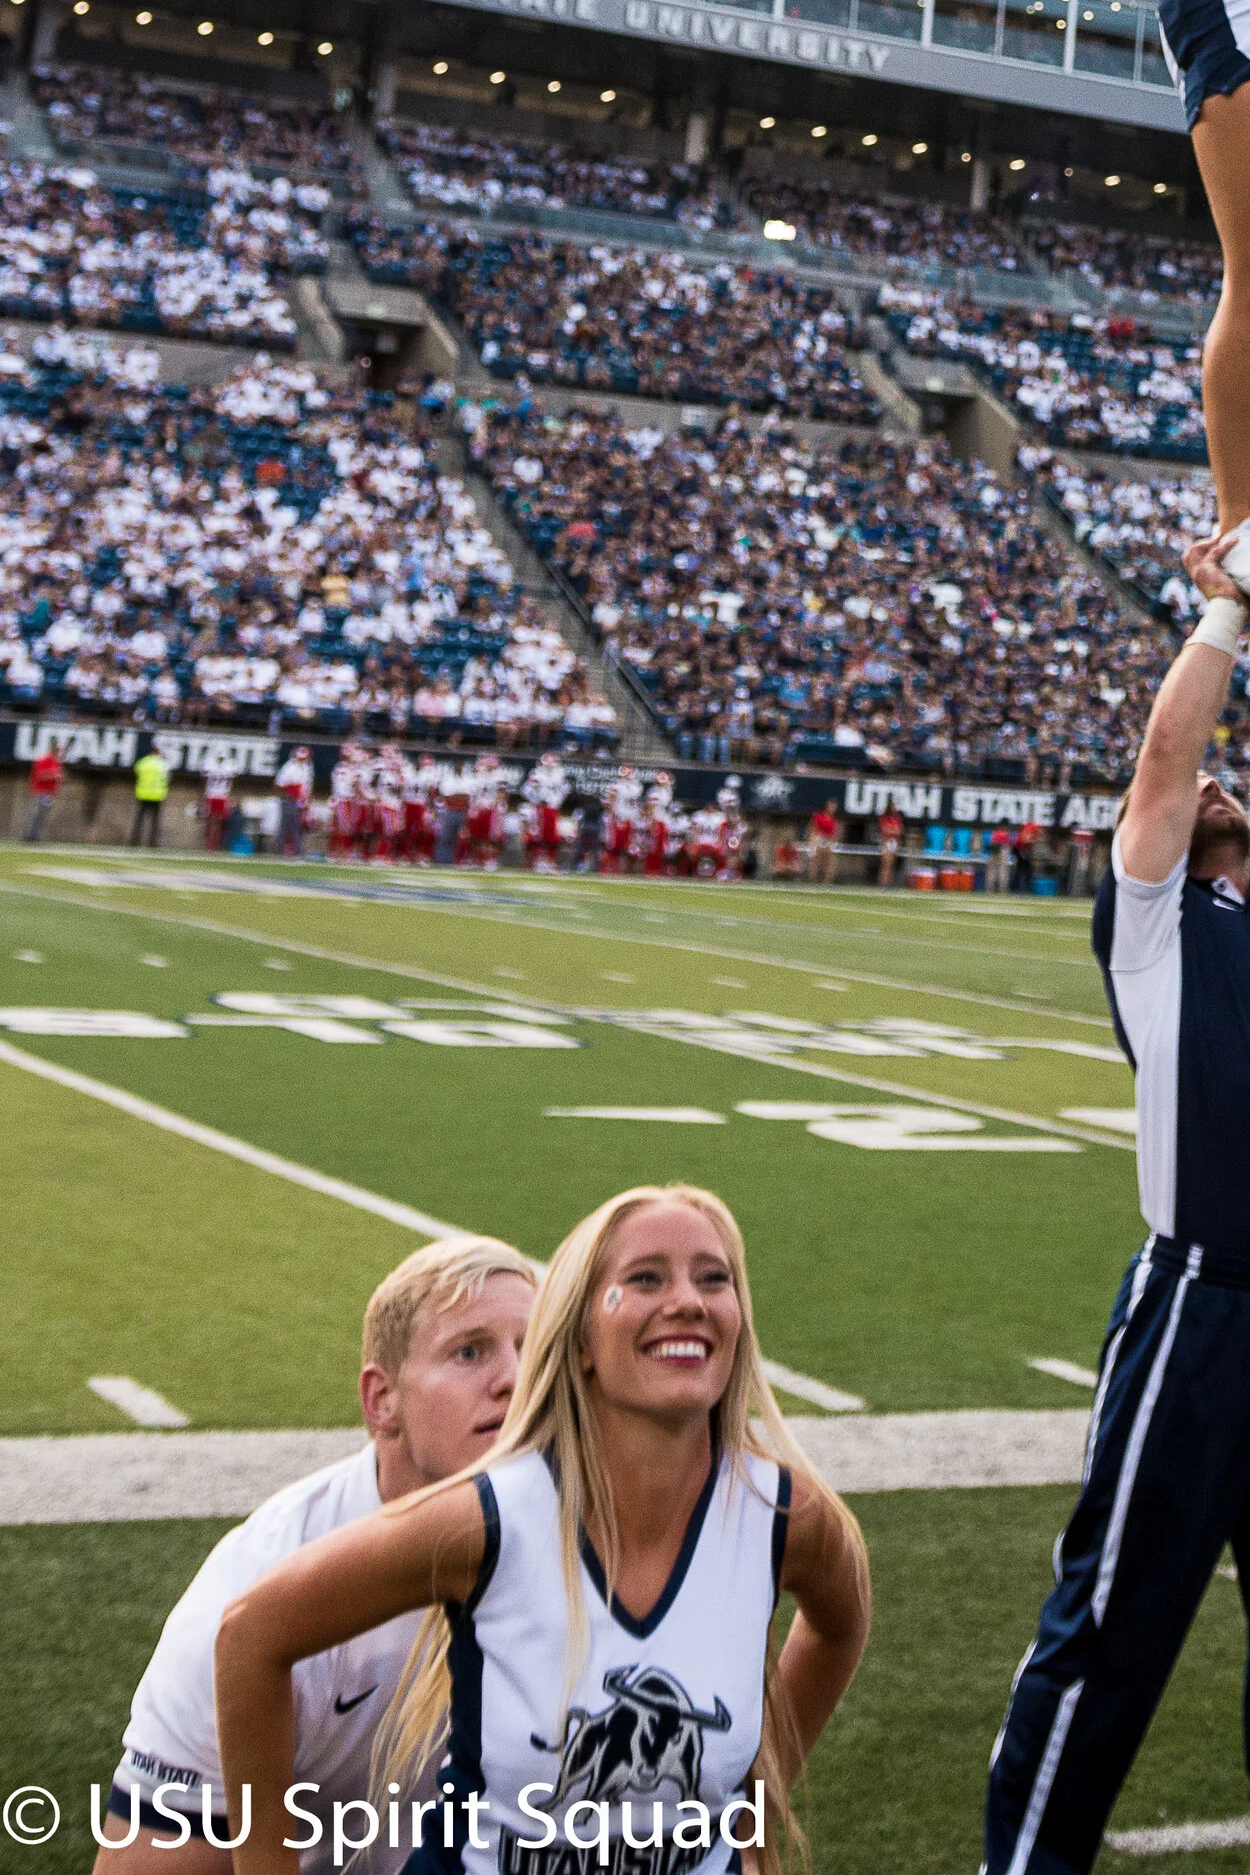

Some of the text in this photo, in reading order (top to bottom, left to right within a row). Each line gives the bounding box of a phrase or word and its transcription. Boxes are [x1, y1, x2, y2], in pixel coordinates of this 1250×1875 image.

[626, 4, 892, 73] UNIVERSITY
[13, 721, 138, 768] UTAH
[843, 778, 943, 820] UTAH
[951, 787, 1056, 825] STATE

· · · · · · ·

§ WORK ITEM: The expected result is the material restated word for word, minus any picture.

§ EXERCISE ANSWER:
Some of the text in this photo, in reading order (top to bottom, left to right within a row). Each line gives the bounding box of a phrase or word and its transcription. Boxes are [x1, y1, x2, y2], in pixel coordinates of this 1250×1875 image.

[626, 4, 892, 73] UNIVERSITY
[13, 721, 138, 768] UTAH
[843, 778, 943, 820] UTAH
[951, 787, 1056, 825] STATE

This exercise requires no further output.